____ Provided information

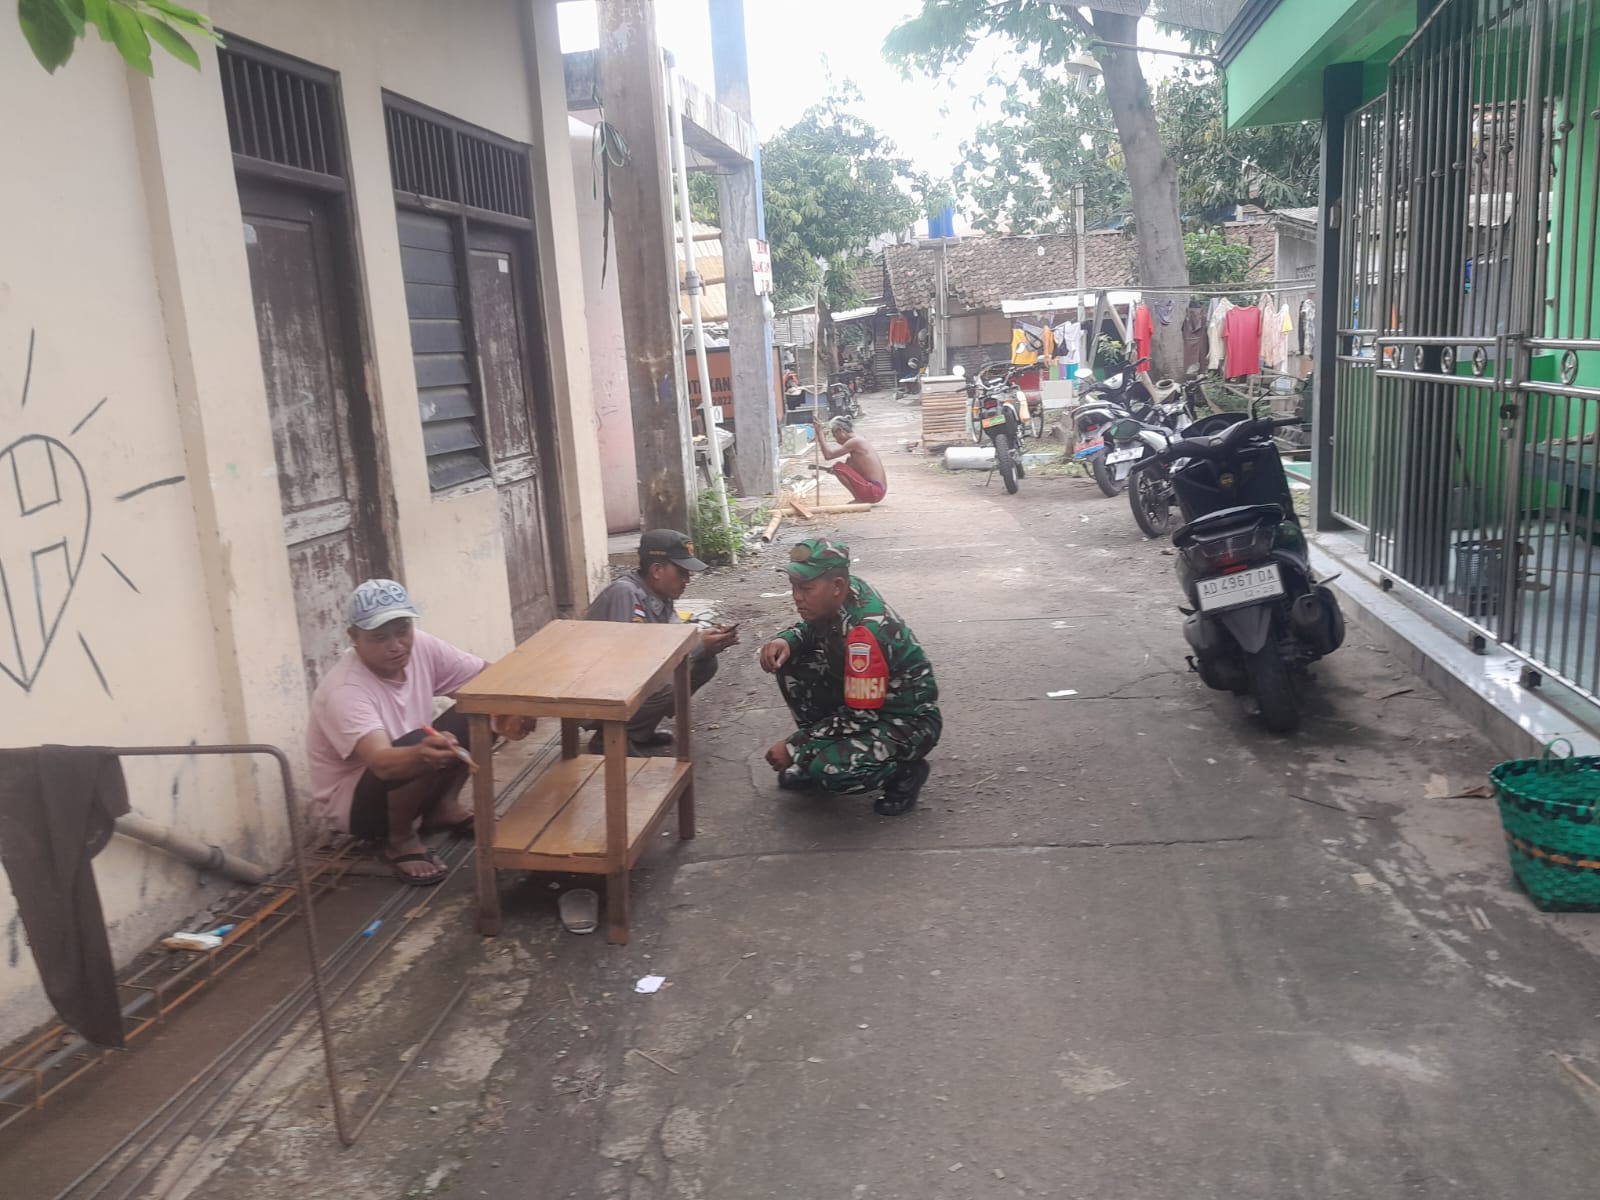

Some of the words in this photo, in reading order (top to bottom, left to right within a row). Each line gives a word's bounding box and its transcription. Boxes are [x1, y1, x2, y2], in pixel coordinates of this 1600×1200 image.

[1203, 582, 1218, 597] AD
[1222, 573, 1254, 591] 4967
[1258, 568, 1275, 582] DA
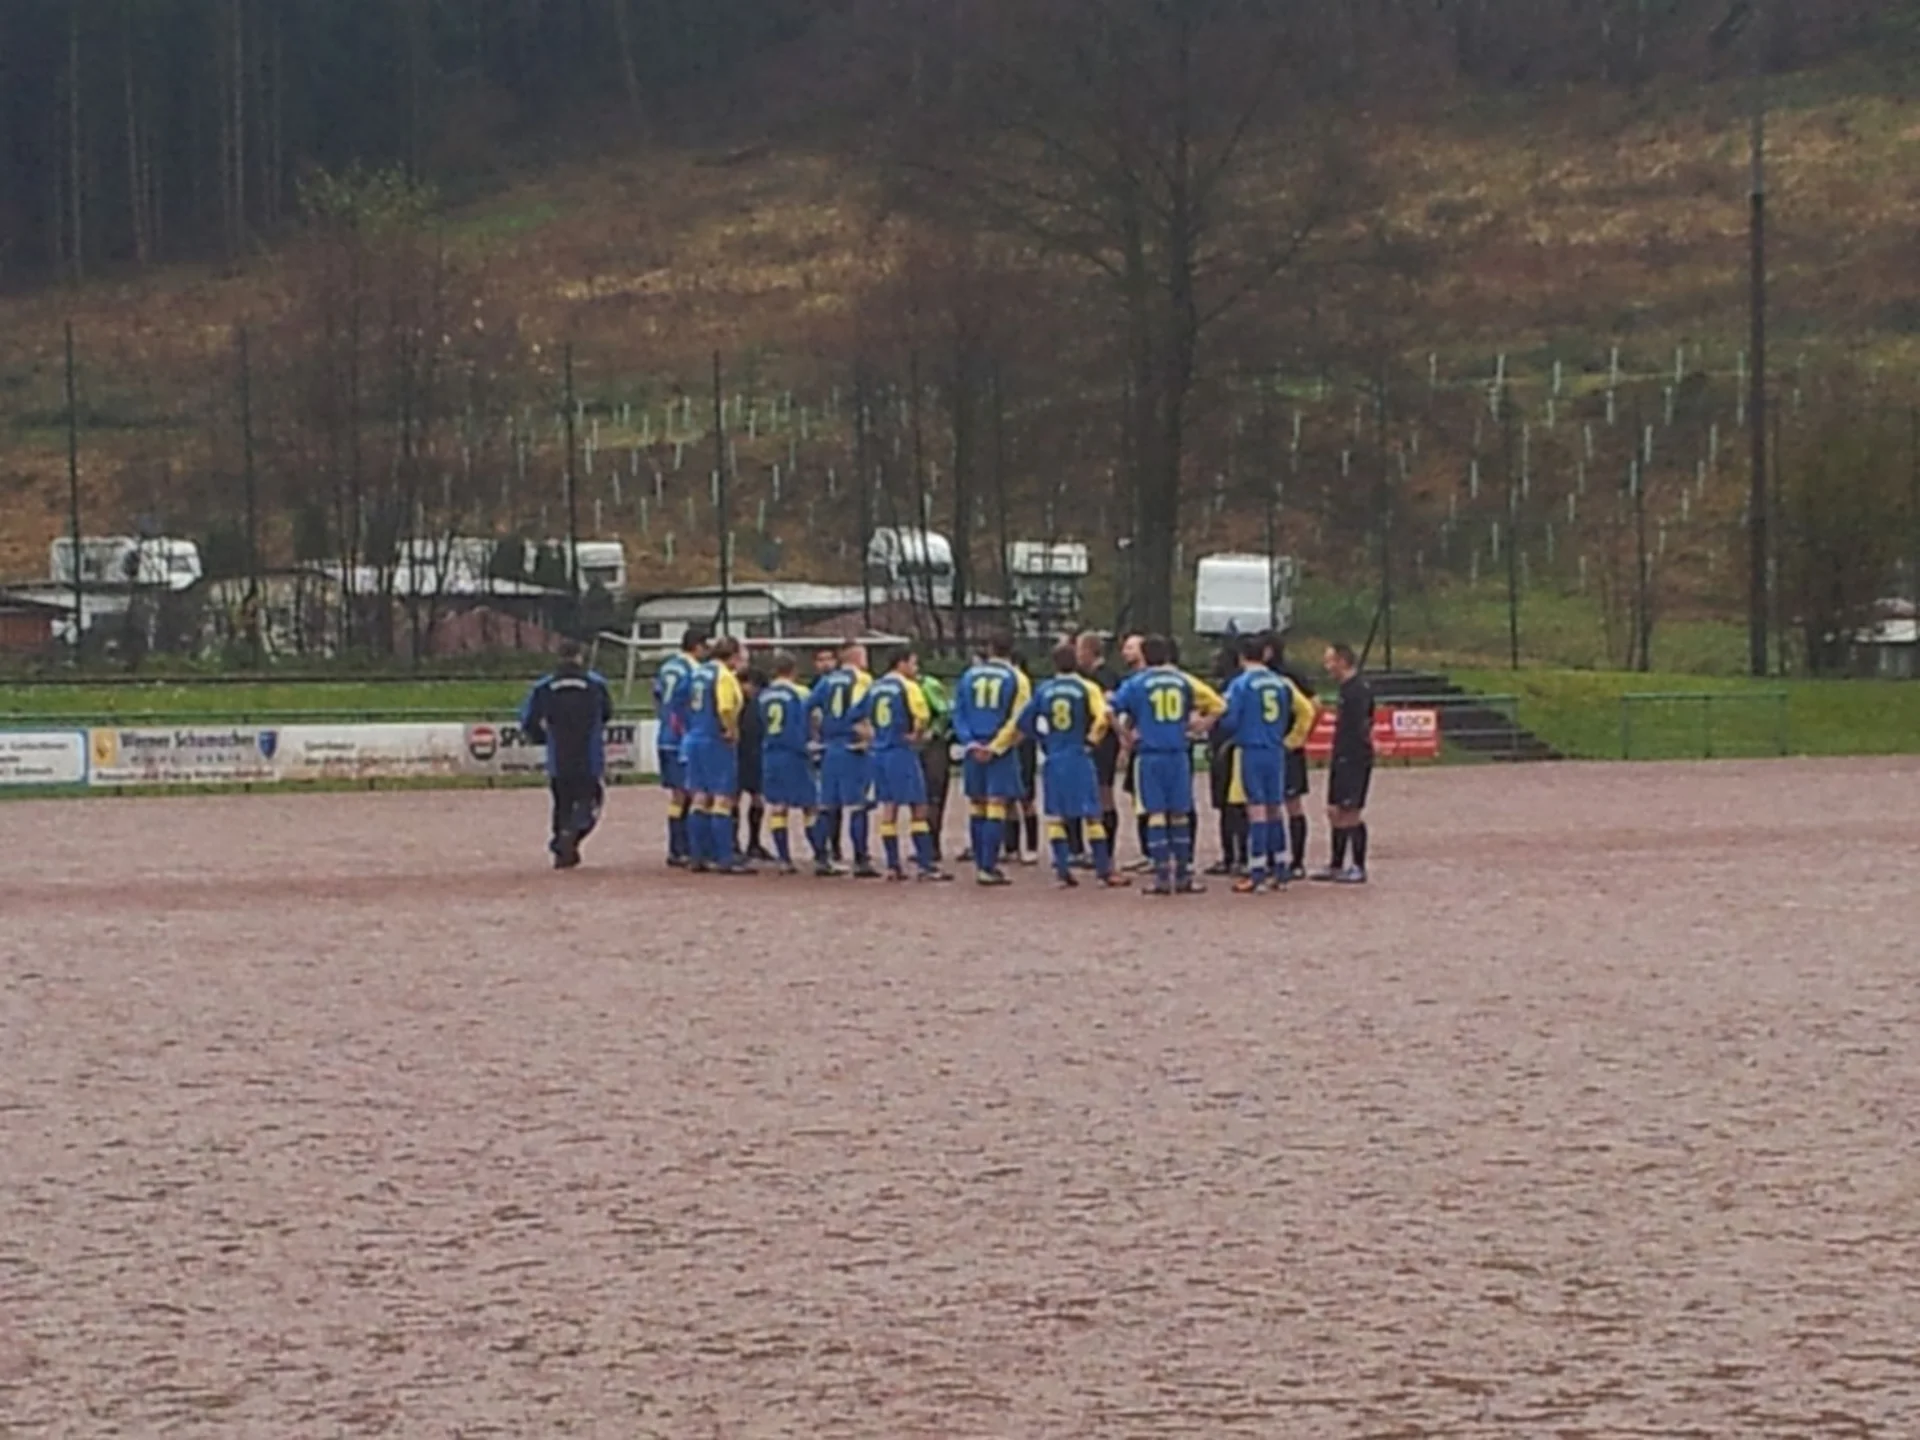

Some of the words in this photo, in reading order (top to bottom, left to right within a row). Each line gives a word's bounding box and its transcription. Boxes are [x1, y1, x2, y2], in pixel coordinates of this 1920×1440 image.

________

*Task description*
Everything in the data except the pictures should be restated word for word.

*Task answer*
Some of the words in this photo, in reading order (top to bottom, left to right within a row). Each line gives a word's bounding box and its transcription. Boxes are [x1, y1, x2, y2], in pixel coordinates of this 1600×1200 image.

[1203, 582, 1218, 597] AD
[1222, 573, 1254, 591] 4967
[1258, 568, 1275, 582] DA

Some of the words in this photo, in reading order (top to bottom, left to right within a row). Each line gives a word's bounding box and its transcription. Boxes are [x1, y1, x2, y2], in pixel coordinates of this 1920×1440 image.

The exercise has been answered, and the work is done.